Although multi-billionaire hedge fund tycoon and international political pot-stirrer George Soros lost big with the election of Donald Trump as president of the United States and the victory of the Brexit referendum in the United Kingdom, he stands to lose further ground, politically and financially, as the winds of political change sweep across the globe.

Soros, who fancies himself as the master of placing short put options on stocks, often cleaning up to the tune of billions of dollars in the process when the stock values collapse, has been dealt a few financial body blows. Recently, the Dutch securities market regulator AFM "accidentally" revealed on line all of Soros's short trades since 2012. Soros's trades were revealed on AFM's website and were removed after the regulator realized the "error". However, the Soros data had already been captured by automatic data capturing software programs operated by intelligence agencies and brokerage firms that routinely scour the Internet looking for such "mistakes".

Among the bank shares targeted by Soros was the Ing Groep NV, a major institution and important element of the Dutch economy. After campaigning against Brexit, Soros bet against the stock of Deutsche Bank AG, which he believed would fall in value after Britain voted to leave the EU. Deutsche Bank stock fell 14 percent and Soros cleaned up. But Soros's celebration was temporary. With Trump's election, Soros lost a whopping $1 billion in stock speculation.

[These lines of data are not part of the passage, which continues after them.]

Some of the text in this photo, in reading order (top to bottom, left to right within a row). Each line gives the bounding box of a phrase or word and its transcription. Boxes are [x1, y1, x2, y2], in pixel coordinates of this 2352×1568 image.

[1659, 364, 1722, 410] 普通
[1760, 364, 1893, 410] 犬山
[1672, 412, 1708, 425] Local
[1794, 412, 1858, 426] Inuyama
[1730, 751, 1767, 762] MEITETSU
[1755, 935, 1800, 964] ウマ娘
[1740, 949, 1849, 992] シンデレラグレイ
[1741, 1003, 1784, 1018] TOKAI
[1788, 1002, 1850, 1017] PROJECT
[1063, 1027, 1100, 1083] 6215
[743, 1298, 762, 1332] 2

Surrounded by his fellow financial manipulators, Soros explained his recent losses while attending the recent World Economic Forum in Davos, Switzerland.

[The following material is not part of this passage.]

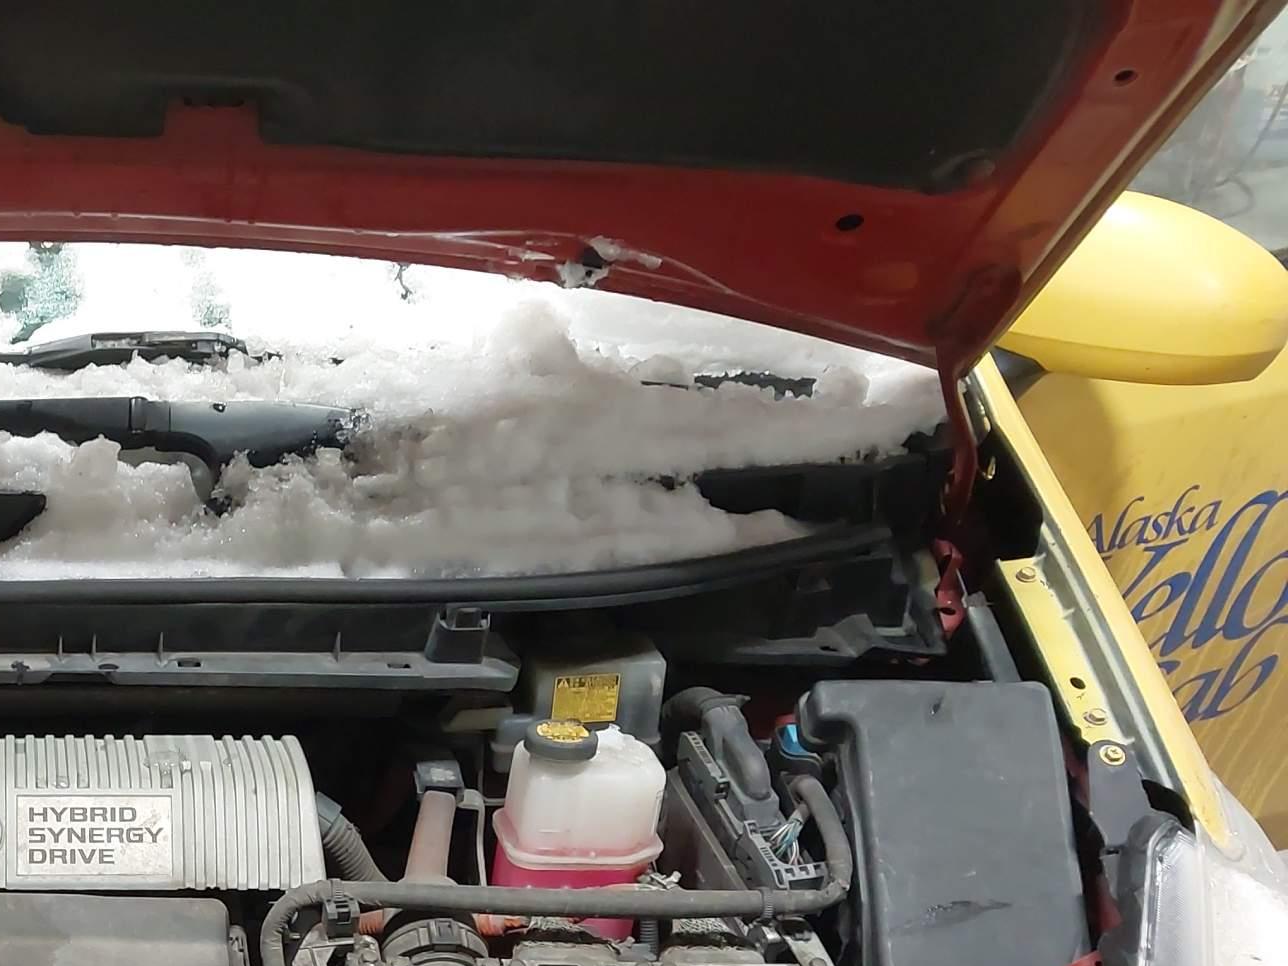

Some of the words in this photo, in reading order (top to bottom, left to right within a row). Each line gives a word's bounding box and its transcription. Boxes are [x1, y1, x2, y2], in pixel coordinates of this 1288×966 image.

[1086, 484, 1223, 557] Alaska
[28, 806, 137, 823] HYBRID
[27, 827, 164, 844] SYNERGY
[28, 848, 116, 865] DRIVE

Soros's mega-wealthy cronies placed their own bets against smaller Dutch firms. Those firms included Ordina, an information technology firm; Advanced Metallurgical Group; and the real estate group Wereldhave N.V.

Beware the Ides of March

The Soros data release comes at a particularly sensitive time in Dutch politics. The center-right government led by Prime Minister Mark Rutte is on the political ropes as it tries to fend off, in an election scheduled for March 15, a serious challenge by the right-nationalist Party for Freedom (PVV) of anti-migrant and anti-European Union leader Geert Wilders. An ally of Donald Trump, Wilders is likely to make political hay out of the fact that Soros, the champion of European open borders and mass migration, bet against Dutch banks. The Ides of March looks favorably upon a Wilders victory, an event that will drive another nail into the coffin of the European Union and Soros's mass migration and open borders dream.